The Partnership reported Adjusted EBITDA of $107.0 million for the three months ended September 30, 2011, and $323.2 million for the nine months ended September 30, 2011. MarkWest believes the presentation of Adjusted EBITDA provides useful information because it is commonly used by investors in Master Limited Partnerships to assess financial performance and operating results of ongoing business operations. A reconciliation of Adjusted EBITDA to net income (loss), the most directly comparable GAAP financial measure, is provided within the financial tables of this press release.
The Partnership reported income before provision for income tax for the three months and nine months ended September 30, 2011, of $179.3 million and $194.4 million, respectively. Income before provision for income tax includes non-cash gains associated with the change in fair value of derivative instruments of $126.8 million and $102.7 million for the three and nine months ended September 30, 2011, respectively, and costs associated with the redemption of debt of $(0.1) million and $(43.5) million for the three and nine months ended September 30, 2011, respectively. Excluding these items, income before provision for income tax for the three and nine months ended September 30, 2011, would have been $52.6 million and $135.2 million, respectively.
Our record distributable cash flow for the third quarter allowed us to deliver more than 14% year-over-year distribution growth for our unitholders and still maintain a coverage ratio of 1.38 times, said Frank Semple, Chairman, President and Chief Executive Officer. This strong financial performance is a direct result of providing exceptional service for our producer customers and completing $2 billion of organic growth projects and acquisitions over the past three years. Equally as exciting is the extensive inventory of future growth projects that should continue to deliver strong distribution growth and total returns for our unitholders for years to come.
BUSINESS HIGHLIGHTS
Capital Markets
· On July 13, 2011, the Partnership completed a common unit equity offering of 4.025 million common units. The net proceeds of approximately $185 million were used to repay amounts outstanding under its revolving credit facility and to fund its ongoing capital expenditure program.
· On September 7, 2011, the Partnership completed the expansion and extension of its senior secured revolving credit facility. As amended, the credit facility provides up to $750 million of borrowing capacity with improved pricing that will result in significant interest expense savings. The maturity date of the credit facility was extended to September 2016.
· On October 13, 2011, the Partnership completed a common unit equity offering of 5.750 million common units. The net proceeds of approximately $251 million were used to repay amounts outstanding under its revolving credit facility and to fund its ongoing capital expenditure program.
· On November 3, 2011, the Partnership completed a public offering of $700 million of 6.25% senior unsecured notes due 2022 resulting in net proceeds of approximately $689 million.

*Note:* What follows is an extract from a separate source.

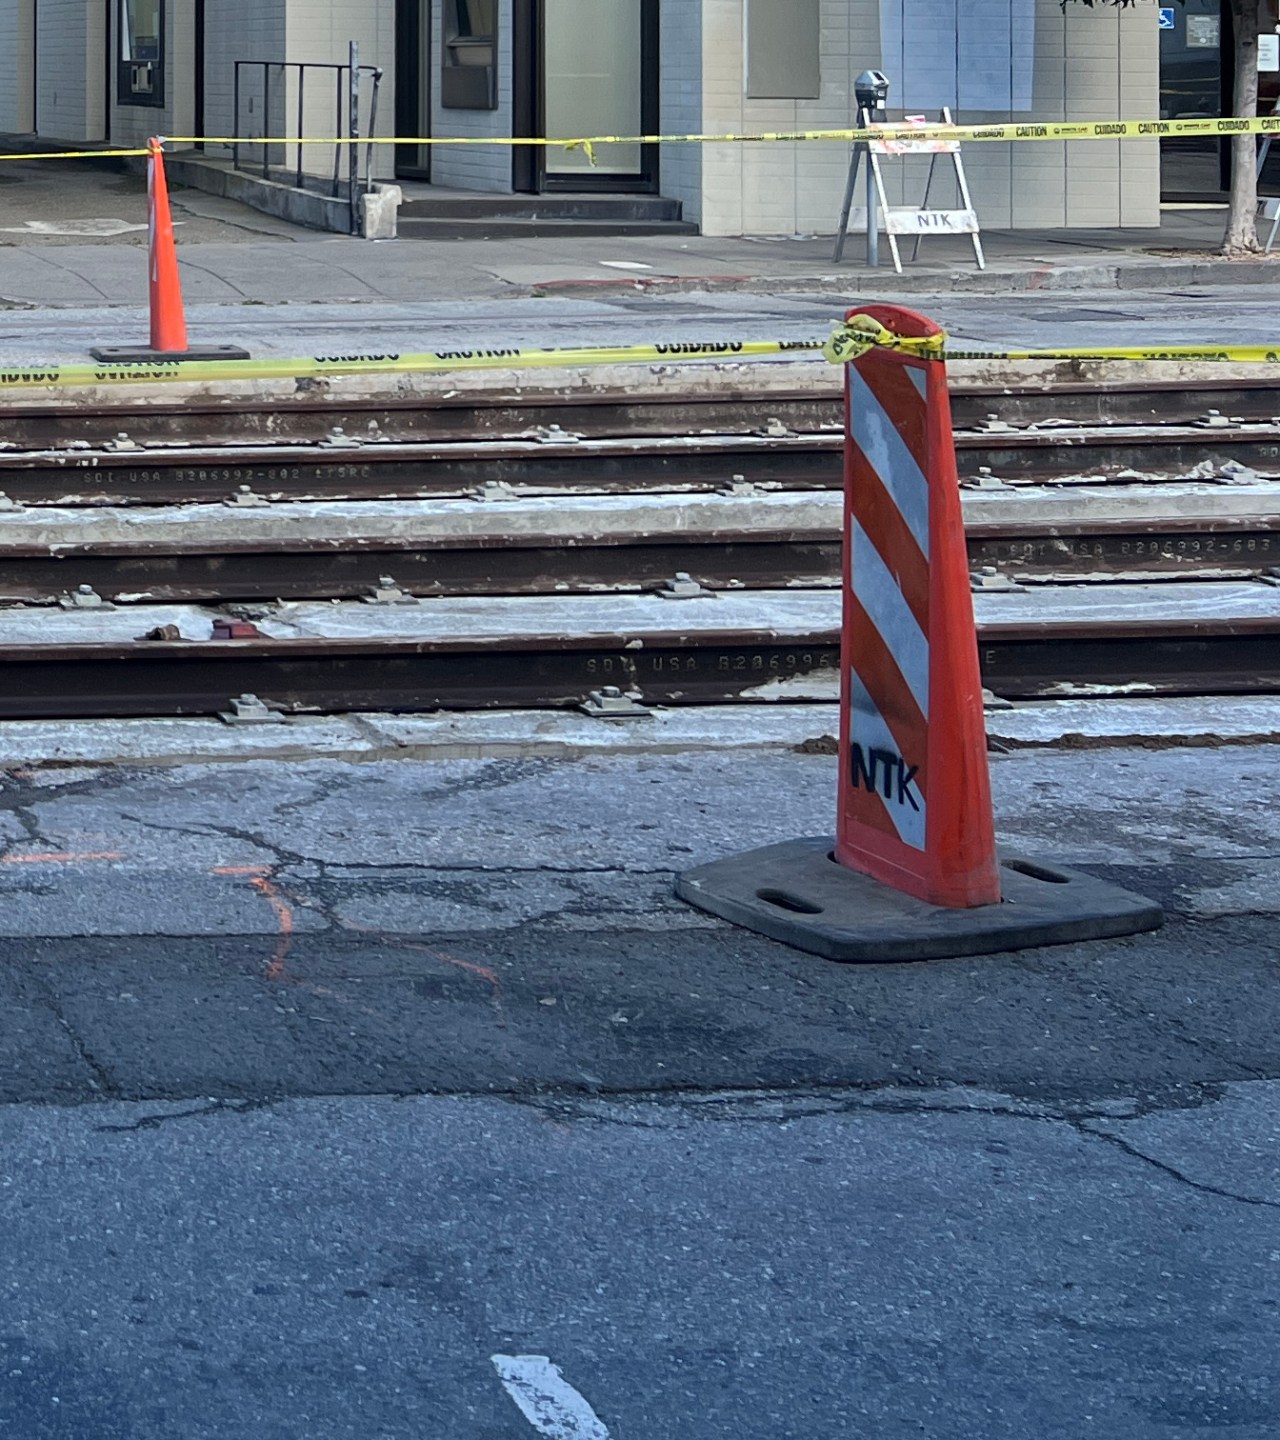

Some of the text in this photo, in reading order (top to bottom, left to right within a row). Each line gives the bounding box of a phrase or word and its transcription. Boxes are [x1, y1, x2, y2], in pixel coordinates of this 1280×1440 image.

The Partnership intends to use the net proceeds from the offering to purchase up to $334.4 million in aggregate principal amount of its outstanding 8.75% senior notes due 2018 pursuant to a tender offer launched October 25, 2011, for any and all of such outstanding senior notes. The tender offer for the senior notes due 2018 expires on November 25, 2011. All remaining net proceeds will be used to fund its ongoing capital expenditure program.
Business Development
· Southwest in September 2011, MarkWest commenced operations of a 75 million cubic feet per day (MMcf/d) expansion of its cryogenic natural gas processing capacity at its Arapaho complex in Western Oklahoma. With the addition of the incremental capacity, MarkWest has 235 MMcf/d of cryogenic processing capacity available to serve increasing volumes of liquids-rich natural gas production from Granite Wash producers in the Texas panhandle.

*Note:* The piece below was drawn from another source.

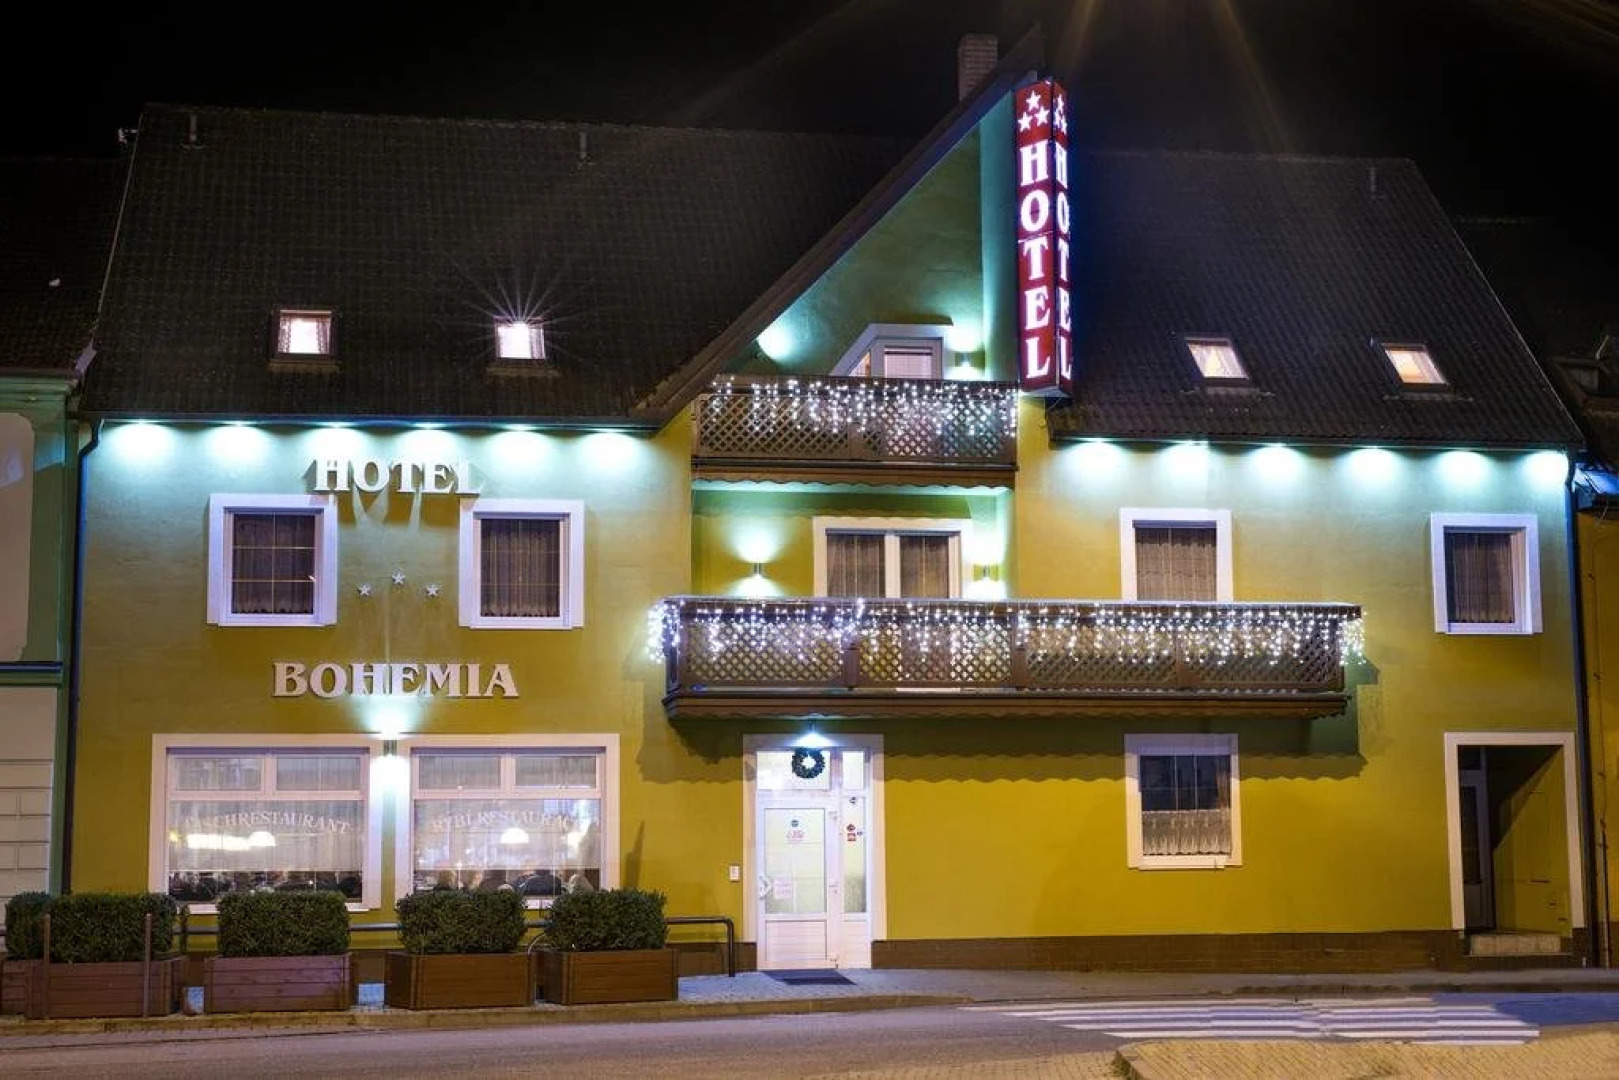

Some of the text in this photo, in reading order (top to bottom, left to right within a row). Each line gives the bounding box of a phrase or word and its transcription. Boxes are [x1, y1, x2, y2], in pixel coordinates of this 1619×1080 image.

· Liberty in September 2011, MarkWest Liberty announced three critical milestones in the ongoing development of the hydrocarbon-rich area of the Marcellus Shale. The first milestone was the announcement by Sunoco Logistics, LP of the successful completion of the Mariner West open season and the execution of definitive transportation agreements. Mariner West is a 50,000 barrel per day (Bbl/d) pipeline project jointly developed by Sunoco and MarkWest Liberty that will deliver Marcellus ethane to petrochemical markets in Sarnia, Ontario, Canada. Mariner West will support the long-term development of more than 1.5 billion cubic feet per day (Bcf/d) of liquids-rich Marcellus gas in southwest Pennsylvania and northern West Virginia.
The second milestone was the start-up of MarkWest Libertys Houston, Pennsylvania fractionation facility with design capacity of 60,000 Bbl/d. The facility is the largest natural gas liquids (NGLs) fractionation and marketing complex in the northeast United States and produces high-purity propane, butane, and natural gasoline for sale into the premium Northeast markets.

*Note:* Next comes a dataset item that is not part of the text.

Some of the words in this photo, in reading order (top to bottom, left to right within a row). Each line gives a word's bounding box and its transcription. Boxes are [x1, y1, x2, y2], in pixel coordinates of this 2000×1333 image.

The third milestone was MarkWest Libertys announcement of the development of up to 115,000 Bbl/d of purity ethane production capacity at its Houston and Majorsville processing complexes. The first phase of this expansion will provide capacity to produce approximately 75,000 Bbl/d and will commence operation in mid-2013 to support Mariner West.
· Liberty In October 2011, MarkWest Liberty entered into definitive agreements with subsidiaries of Magnum Hunter Resources Corporation to provide long-term midstream processing and related services in the liquids-rich area of the Marcellus Shale in northern West Virginia. MarkWest Liberty will install a 200 MMcf/d cryogenic natural gas processing plant at its Mobley processing complex in West Virginia. When combined with the 120 MMcf/d Mobley I plant currently under construction, MarkWest Liberty expects to operate 320 MMcf/d of cryogenic processing capacity at its Mobley complex by the second half of 2012. The NGLs recovered at the Mobley complex will be transported via a newly constructed liquids pipeline to MarkWest Libertys fractionation, storage, and marketing complex in Houston, Pennsylvania.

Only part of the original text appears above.